What to work on: Drop the images. Copy every line below character for character.

Records from a data collection:
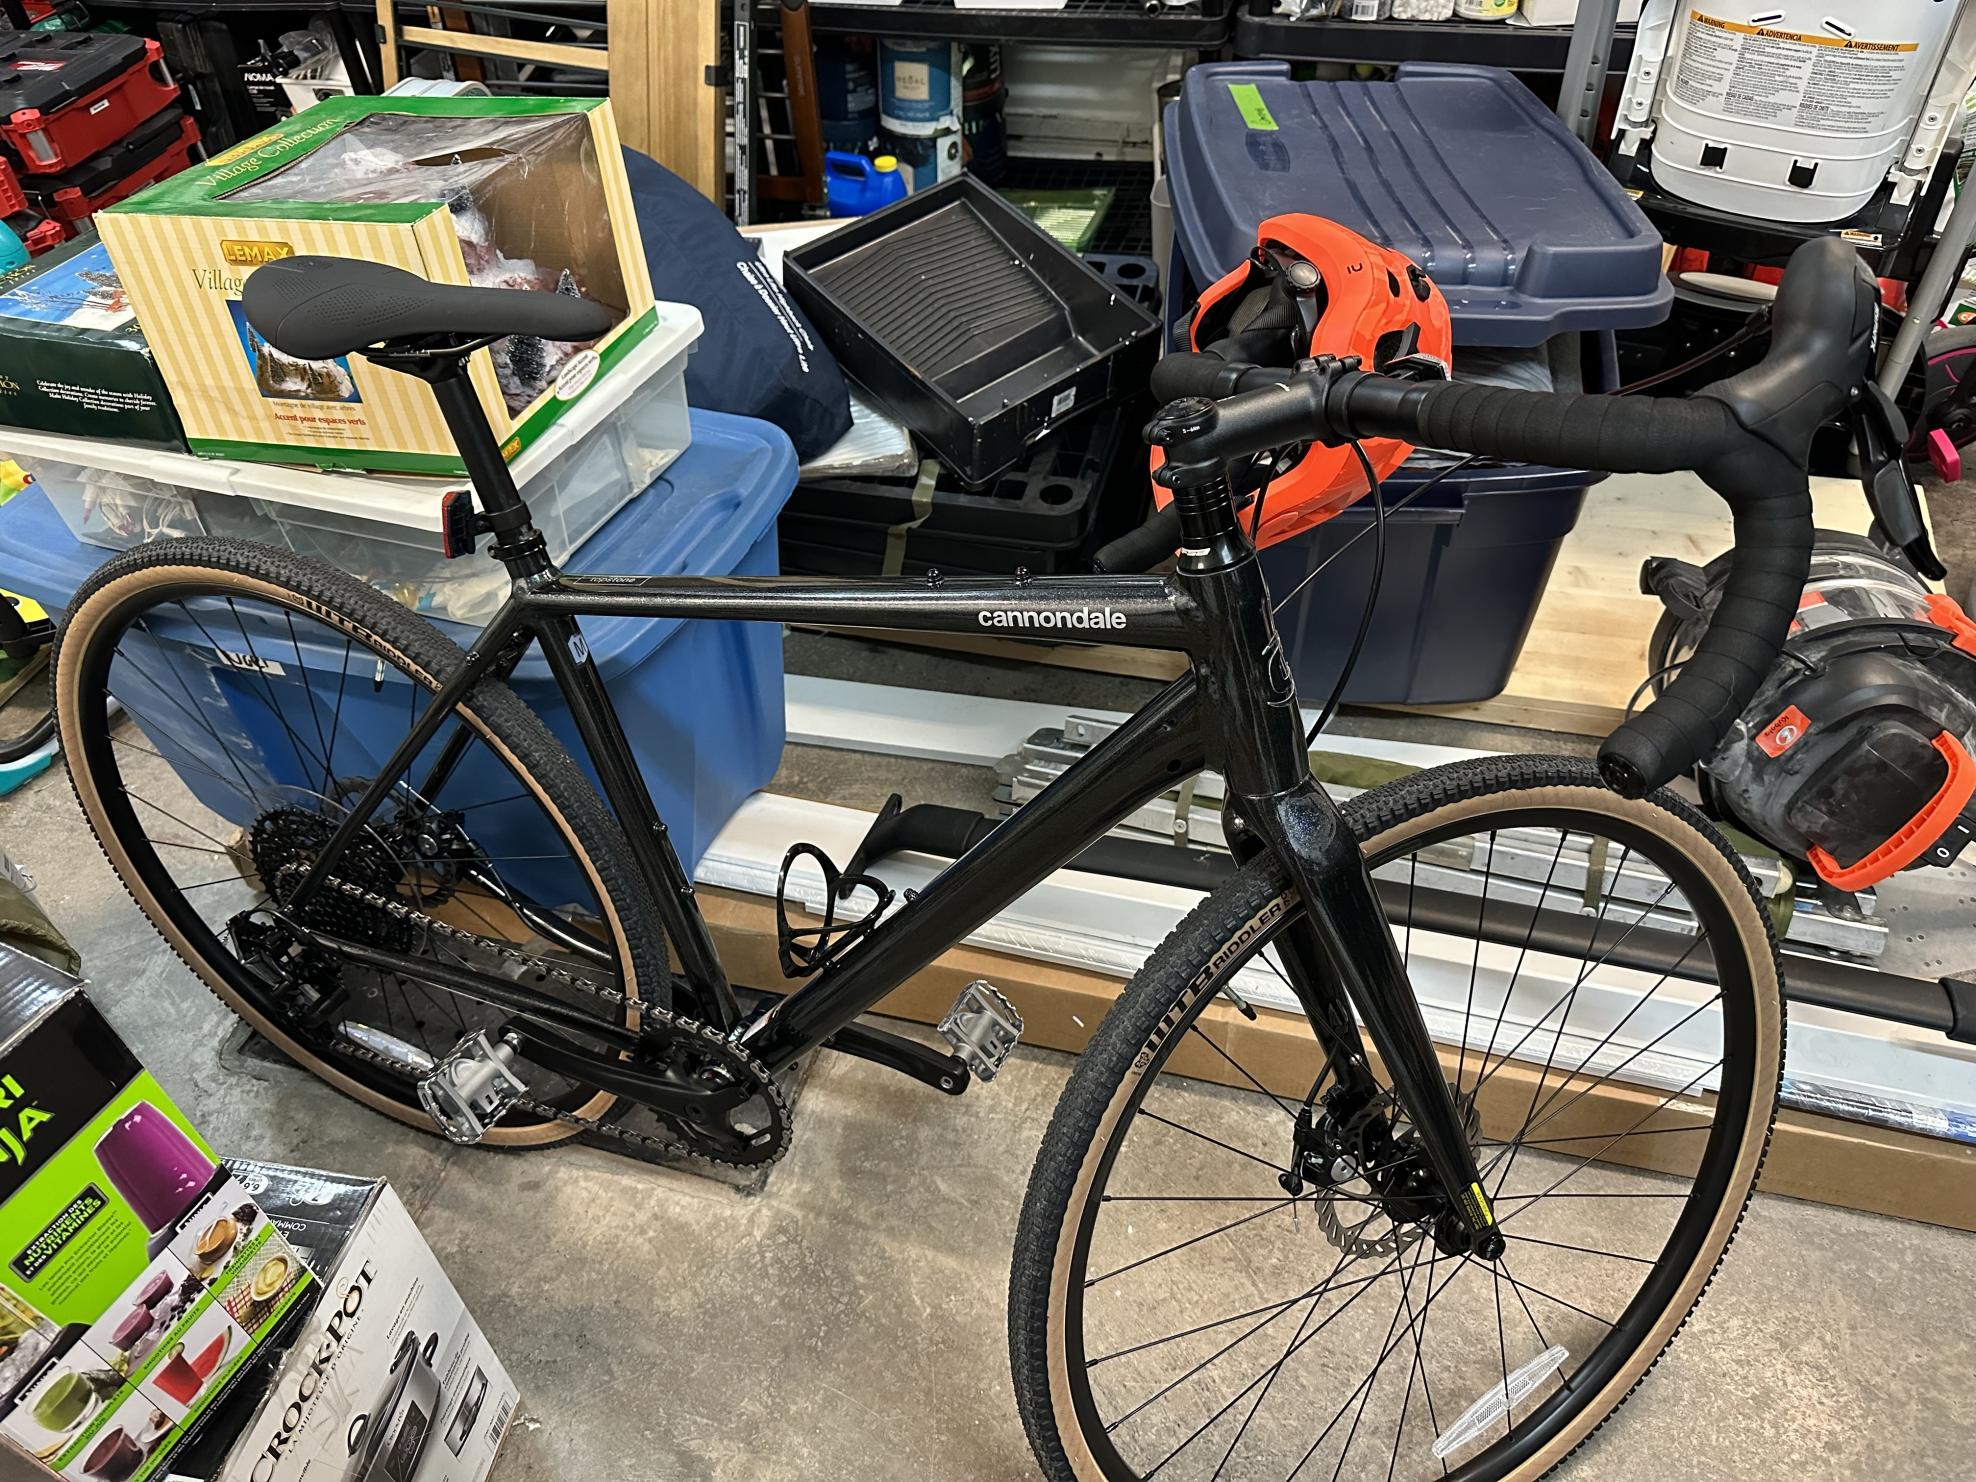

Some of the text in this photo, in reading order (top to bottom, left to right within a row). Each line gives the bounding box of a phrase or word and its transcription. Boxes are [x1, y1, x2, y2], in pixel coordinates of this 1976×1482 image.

[1704, 18, 1725, 29] WARNING
[1765, 30, 1801, 41] ADVERTENCIA
[1853, 42, 1900, 51] AVERTISSEMENT
[198, 118, 339, 186] Village Collection
[225, 245, 289, 261] LEMAX
[192, 268, 245, 296] Villag
[274, 413, 367, 426] Accent pour espaces verts
[978, 606, 1127, 629] cannondale
[573, 637, 586, 658] M
[1765, 715, 1790, 737] Kubota
[1213, 904, 1282, 971] RIDDLER
[23, 1197, 93, 1266] NUTRIMENTS
[26, 1199, 82, 1255] EXTRACTION DES
[270, 1218, 307, 1232] COMMA
[25, 1199, 101, 1275] ET DES VITAMINES

Written response:
Some of the text in this photo, in reading order (top to bottom, left to right within a row). Each line gives the bounding box of a phrase or word and its transcription. Boxes are [x1, y1, x2, y2], in pixel coordinates of this 1976×1482 image.

[1704, 18, 1725, 29] WARNING
[1765, 30, 1801, 41] ADVERTENCIA
[1853, 42, 1900, 51] AVERTISSEMENT
[198, 118, 339, 186] Village Collection
[225, 245, 289, 261] LEMAX
[192, 268, 245, 296] Villag
[274, 413, 367, 426] Accent pour espaces verts
[978, 606, 1127, 629] cannondale
[573, 637, 586, 658] M
[1765, 715, 1790, 737] Kubota
[1213, 904, 1282, 971] RIDDLER
[23, 1197, 93, 1266] NUTRIMENTS
[26, 1199, 82, 1255] EXTRACTION DES
[270, 1218, 307, 1232] COMMA
[25, 1199, 101, 1275] ET DES VITAMINES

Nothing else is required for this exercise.